The knot instructor and the tasks
A perfect sheet bend
a perfect bowline hitch
His and Hers sheet bends
Apart from these activities, there were also numerous ports
visited today. The third port of the day was Nesna which is probably the only port we have visited where the terminal is painted in traditional Norwegian colours. Nesna is
a very small village (950 inhabitants) in a most beautiful
area of Norway but typical of the small isolated places we call at where the daily boat (one in each direction) is a lifeline. It is famous for its felt shoes and not much else.
and as it did so, we saw an example of a mirage out at sea where the islands in front of us appeared to be floating due to thermal changes in the water.
Further south we passed the Helgelandsbrua (Helgelands Bridge) near Sandnessjoen is one of the pride and joys of the local inhabitants in that it is graceful and 395m between the pillars.
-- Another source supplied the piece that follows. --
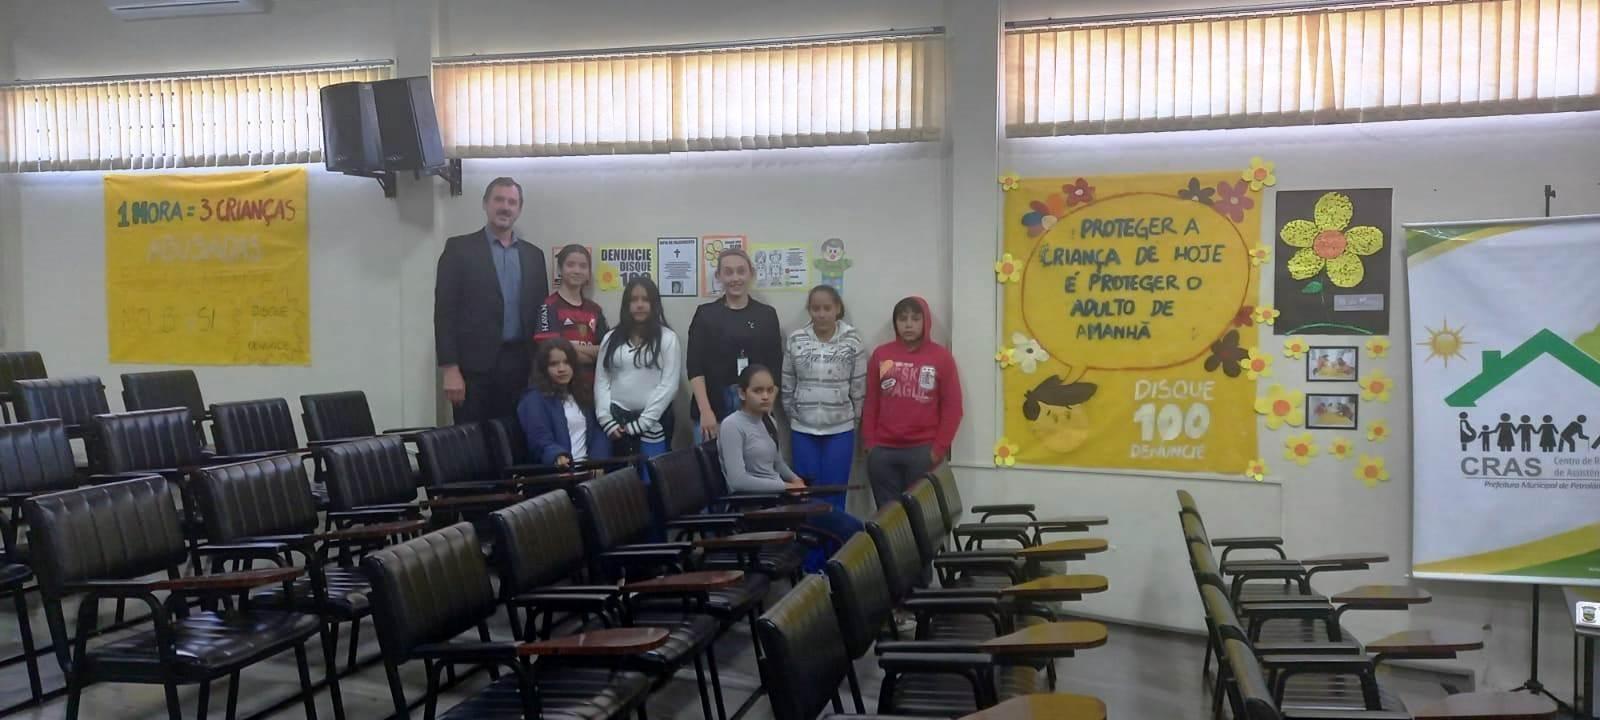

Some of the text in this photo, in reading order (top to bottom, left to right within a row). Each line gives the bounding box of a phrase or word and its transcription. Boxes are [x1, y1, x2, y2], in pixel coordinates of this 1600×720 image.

The town itself is a typical small one shopping street town of 7500 inhabitants.
The main street is nothing special,
the busiest shop in the high street was the one selling Christmas decorations – they seemed just to have had a large delivery and hence everyone was shopping there with their children (it was a Saturday morning) and stocking up for Christmas.
There were a number of very pleasant (this one undergoing significant restoration) buildings,
this one dates from 1923 in a very traditional severe style (now a pub belonging to the Dolly Dimples chain)
this large substantial wood built house
but what struck us most was that throughout the town were quite a large number of unusual statues – why we do not know but they were all very nice to see.
Just after we left Sandnessjoen’s port, we passed the 568m mountain of Hestmannen which is (according to myth), the petrified remains of a wayward troll prince. The story has it that Hestmannen was overcome with lust after seeing the beautiful Lekamøya bathing naked with the seven daughters of the troll king Sulitjelma and galloped south to abduct her, sending the panicked girls fleeing. As dawn broke, the seven were turned to stone, becoming the Seven Sisters mountain range.
The seven sisters are shown on the above chart as the line of seven black triangles and the picture above is taken from a position towards the bottom of the chart looking up the line of the sisters.
And shortly after we pass the last of the sisters on a very calm sea in an absolutely freezing wind, the sun sets (as it now has a right to do) although it was not up very long.
I think that for me, this stretch of coast with its magic combination of mountains and light was the best section of the whole 5000km we have seen on this trip.
Further south we cruise (in the dark) past the rocky dome of Torghatten, which is pierced right through by a hole about 20 metres in breadth. The mythical explanation is that after failing to catch Lekamøya, the petulant Hestmannen decided to shoot her instead. Fortunately, a benevolent troll king threw his hat between the two, which stopped the arrow and was petrified into Torghatten mountain.
Dinner was advertised as the Captain’s Dinner – it was
nearly as normal except that all of the key members of the crew were present and we were told what a good group we had been and we told them what a good crew they had been then we toasted each other – we had Glug and because of the very strict alcohol policy applying to the crew (none ever whilst on board) they had a fruit punch.
This is a vegetable wrap, the alternative had fish in it.
Pepper Steak etc
A stuffed pepper with a sliced roast potatoes with swede on top plus assorted quick fried vegetables served on the same pepper sauce as the meat eaters.
Desert was the Chef’s Bomb Surprise which was a sort of
baked alaska ice cream cake with a firework in it.